The mails does come in… but never gets to the sent to mail dir… perhaps spamassassin?

/var/log/maillog

Mar 12 16:31:02 server postfix/smtpd[[25314]]: connect from catv-50637efb.catv.broadband.hu[[80.99.126.251]]
Mar 12 16:31:03 server postfix/smtpd[[25314]]: 515276F82E0: client=catv-50637efb.catv.broadband.hu[[80.99.126.251]]
Mar 12 16:31:03 server postfix/cleanup[[25318]]: 515276F82E0: message-id=000001c764e4$c55ee480$0100007f@localhost
Mar 12 16:31:03 server postfix/qmgr[[5377]]: 515276F82E0: from=eurocontroll.com@webvacancy.com, size=2722, nrcpt=1 (queue active)
Mar 12 16:31:04 server postfix/smtpd[[25314]]: disconnect from catv-50637efb.catv.broadband.hu[[80.99.126.251]]
Mar 12 16:31:04 server postfix/local[[25319]]: 515276F82E0: to=michael-webenergy.ca@server.webenergy.ca, orig_to=michael@webenergy.ca, relay=local, delay=0.96, delays=0.76/0.03/0/0.17, dsn=2.0.0, status=sent (delivered to command: /usr/bin/procmail-wrapper -o -a $DOMAIN -d $LOGNAME)
Mar 12 16:31:04 server postfix/qmgr[[5377]]: 515276F82E0: removed
Mar 12 16:34:24 server postfix/anvil[[25316]]: statistics: max connection rate 1/60s for (smtp:80.99.126.251) at Mar 12 16:31:02
Mar 12 16:34:24 server postfix/anvil[[25316]]: statistics: max connection count 1 for (smtp:80.99.126.251) at Mar 12 16:31:02
Mar 12 16:34:24 server postfix/anvil[[25316]]: statistics: max cache size 1 at Mar 12 16:31:02

Procmail is screwed up I think also…

/etc/procmailrc

:0wi
VIRTUALMIN=|/etc/webmin/virtual-server/lookup-domain.pl $LOGNAME
:0
:0

^X-Spam-Status: Yes
$HOME/monkeypharmacy/homes/ken/Maildir/.spam/
:0
^X-Spam-Status: Yes
$HOME/Maildir/.spam/
:0
^X-Spam-Status: Yes
$HOME/monkeypharmacy/homes/ken/Maildir/.spam
:0
^X-Spam-Status: Yes
$HOME/Maildir/.spam/
:0
^X-Spam-Status: Yes
$HOME/Maildir/.spam/
?/usr/bin/test "$VIRTUALMIN" != ""
{
INCLUDERC=/etc/webmin/virtual-server/procmail/$VIRTUALMIN
}
DEFAULT=$HOME/Maildir/
ORGMAIL=$HOME/Maildir/
DROPPRIVS=yes
:0
$DEFAULT

Joe · March 12, 2007, 9:15pm

Hey Michael,

If you’re getting drive errors, then it’s one of three things:

Actual problem with the drive. Since you’ve replaced it, we can probably (but not certainly) rule this out. (When I ran a hardware company, I once got in a bad batch of drives, in which 100% of six or seven drives failed within a week of being put into service.)
Motherboard or controller problem. Whatever hardware is driving the disk could be failing.
Driver bug, or incompatibility.

Procmail can’t possibly cause drive errors. Nothing in userspace can. Only the kernel or the hardware itself can trigger this kind of error.

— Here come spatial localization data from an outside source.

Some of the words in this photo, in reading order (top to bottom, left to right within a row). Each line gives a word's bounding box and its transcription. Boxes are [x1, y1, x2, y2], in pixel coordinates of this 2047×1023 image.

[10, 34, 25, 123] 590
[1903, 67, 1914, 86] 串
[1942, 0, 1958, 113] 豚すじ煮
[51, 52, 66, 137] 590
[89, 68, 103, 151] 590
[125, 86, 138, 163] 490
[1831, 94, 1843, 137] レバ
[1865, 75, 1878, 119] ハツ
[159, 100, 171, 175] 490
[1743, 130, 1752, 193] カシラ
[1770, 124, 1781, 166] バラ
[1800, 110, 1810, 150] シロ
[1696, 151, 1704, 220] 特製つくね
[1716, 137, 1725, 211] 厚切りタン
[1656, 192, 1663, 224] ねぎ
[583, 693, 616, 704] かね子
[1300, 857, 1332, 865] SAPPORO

You can test disks with the badblocks command, but that won’t necessarily narrow down the source of the trouble to kernel, disk, or controller. You’ll need to swap things around (e.g. change disks and change controllers), and run badblocks in each configuration, to isolate the specific problem.

Joe · March 12, 2007, 9:16pm

Oh, yeah, I’m still looking over your configuration to see if I can spot the trouble. Just because you’re getting smart errors doesn’t mean that is why you aren’t getting mail delivered.

MichaelConnors · March 12, 2007, 10:21pm

Thanks Joe,

I am running badblocks now. It’s really strange cause I was getting emails for about a day then it stopped.

Im trying to look deeper in my logs. Thanks for helping me figure out this problem.

Joe · March 12, 2007, 10:33pm

Hey Michael,

You’ll have to narrow it down to either hardware or kernel bug. In the case of kernel bug, you’ll still probably have to replace hardware, since not many folks are capable of fixing the kernel (I haven’t debugged in kernel driver in about five years–and the couple of times that I have, it took days of diving through the code).

In other words: You’ve gotta figure out what hardware needs to be replaced, and replace it.

I’m afraid that’s all that can be done, assuming you’re running the latest kernel for your Linux distribution, already.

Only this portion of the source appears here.